■ **Exercise goal**: An image-free, exact copy of the records below is required.

(Dataset entries)
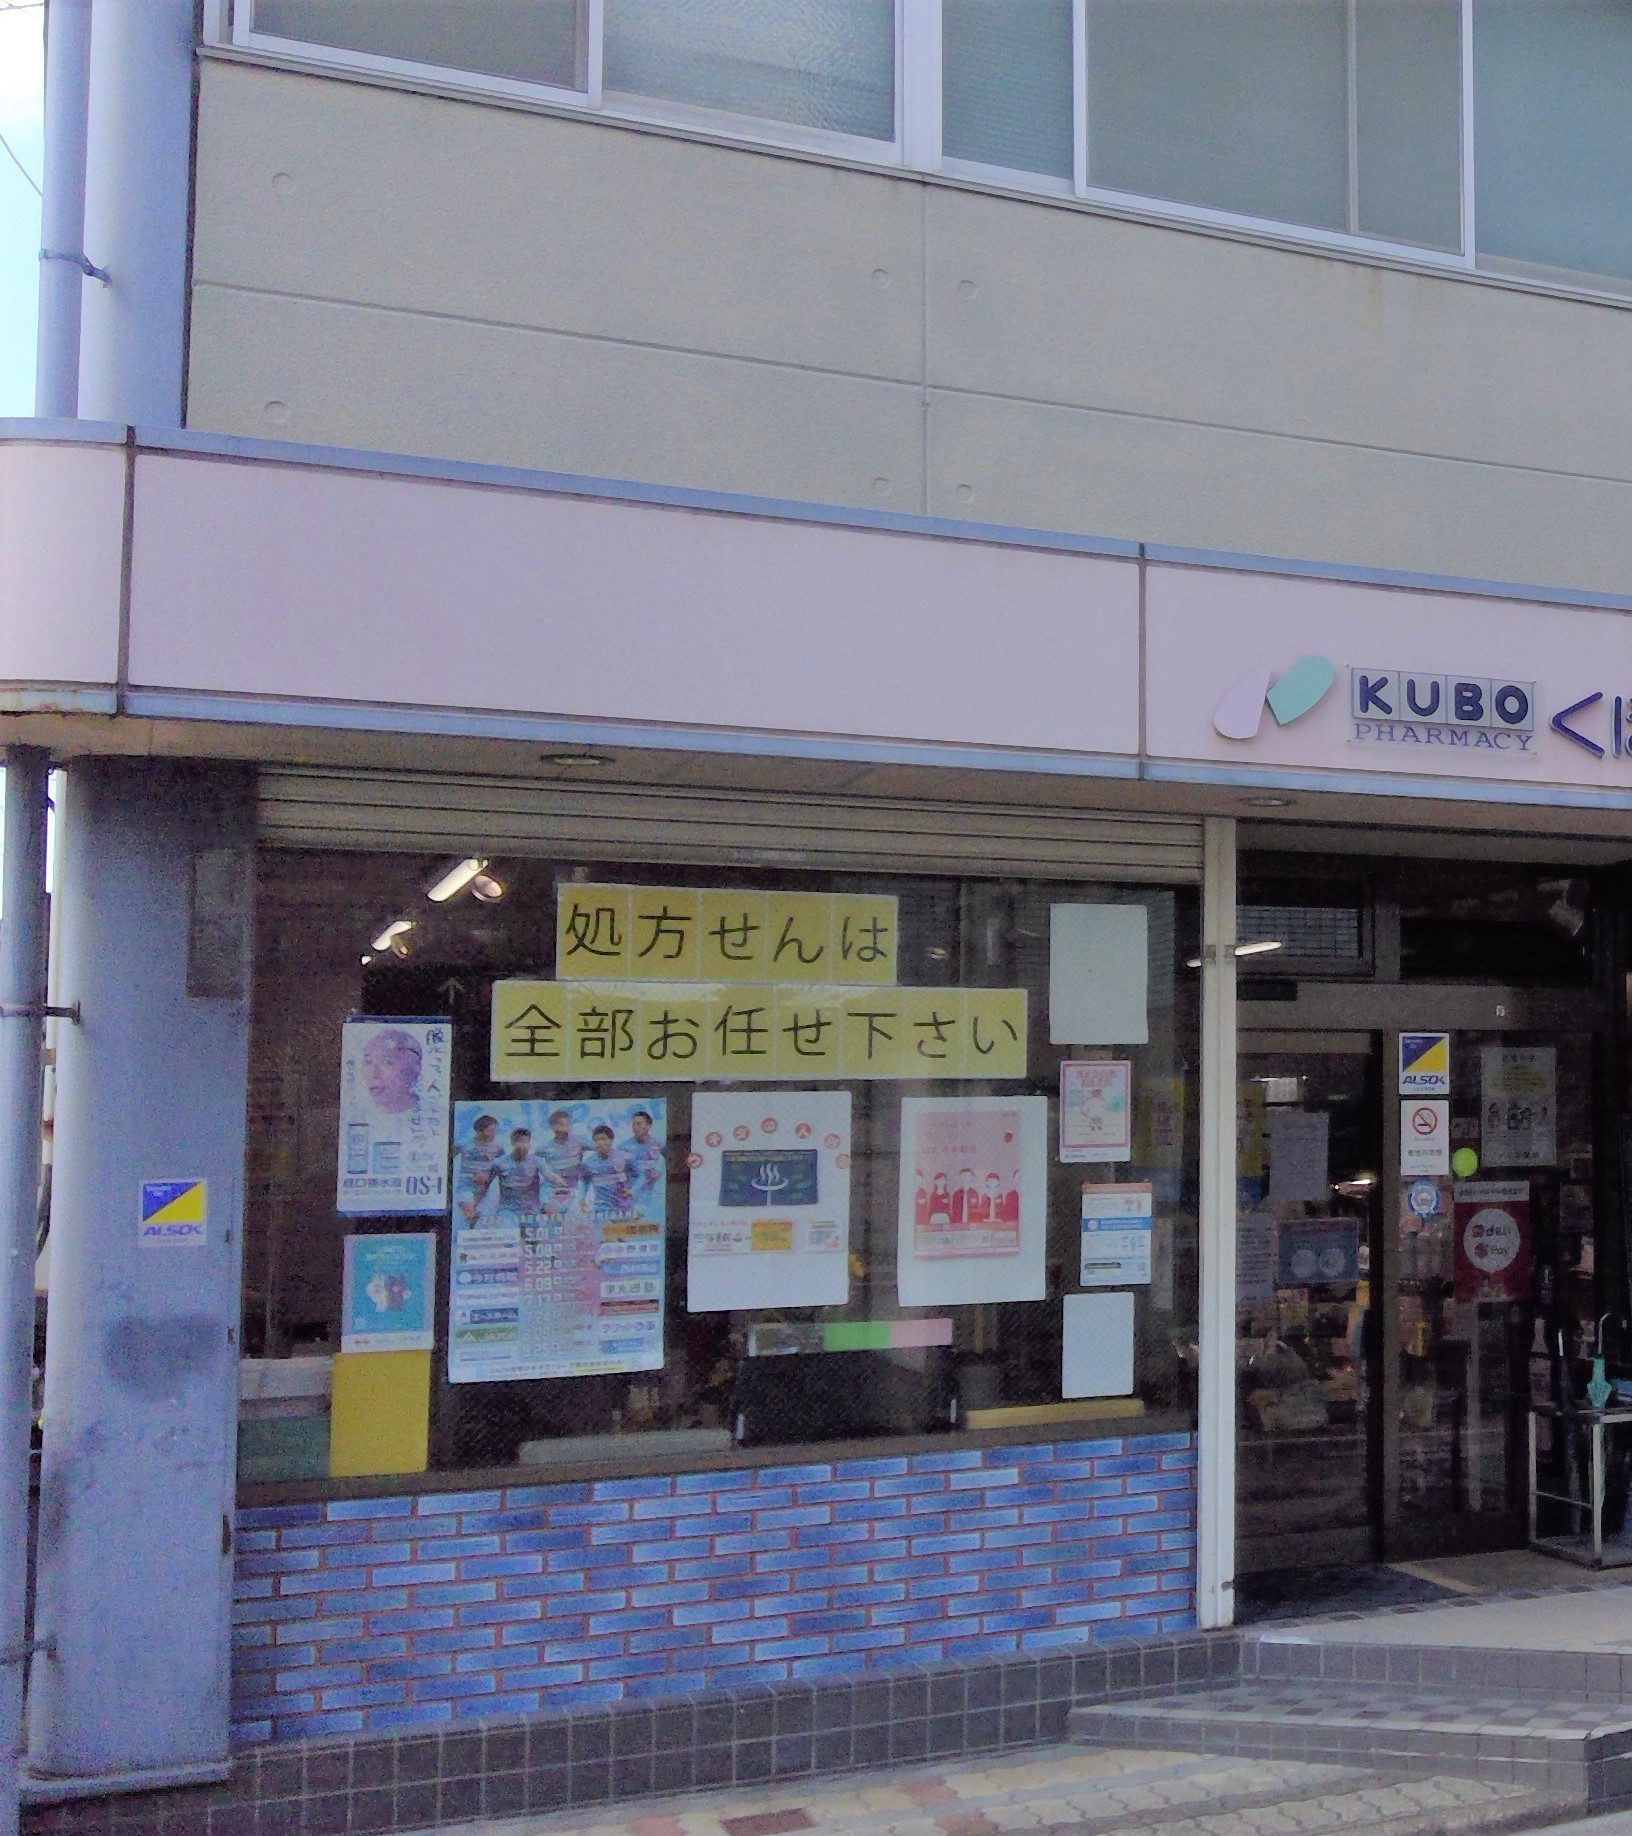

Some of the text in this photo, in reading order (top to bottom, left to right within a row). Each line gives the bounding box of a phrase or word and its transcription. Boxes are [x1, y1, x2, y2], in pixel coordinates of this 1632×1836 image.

[1357, 674, 1529, 726] KUBO
[1354, 722, 1533, 753] PHARMACY
[564, 902, 890, 964] 処方せんは
[503, 1002, 1019, 1061] 全部お任せ下さい
[1402, 1075, 1446, 1086] ALSOK
[405, 1175, 443, 1196] OS-1

■ **Task answer**:
Some of the text in this photo, in reading order (top to bottom, left to right within a row). Each line gives the bounding box of a phrase or word and its transcription. Boxes are [x1, y1, x2, y2], in pixel coordinates of this 1632×1836 image.

[1357, 674, 1529, 726] KUBO
[1354, 722, 1533, 753] PHARMACY
[564, 902, 890, 964] 処方せんは
[503, 1002, 1019, 1061] 全部お任せ下さい
[1402, 1075, 1446, 1086] ALSOK
[405, 1175, 443, 1196] OS-1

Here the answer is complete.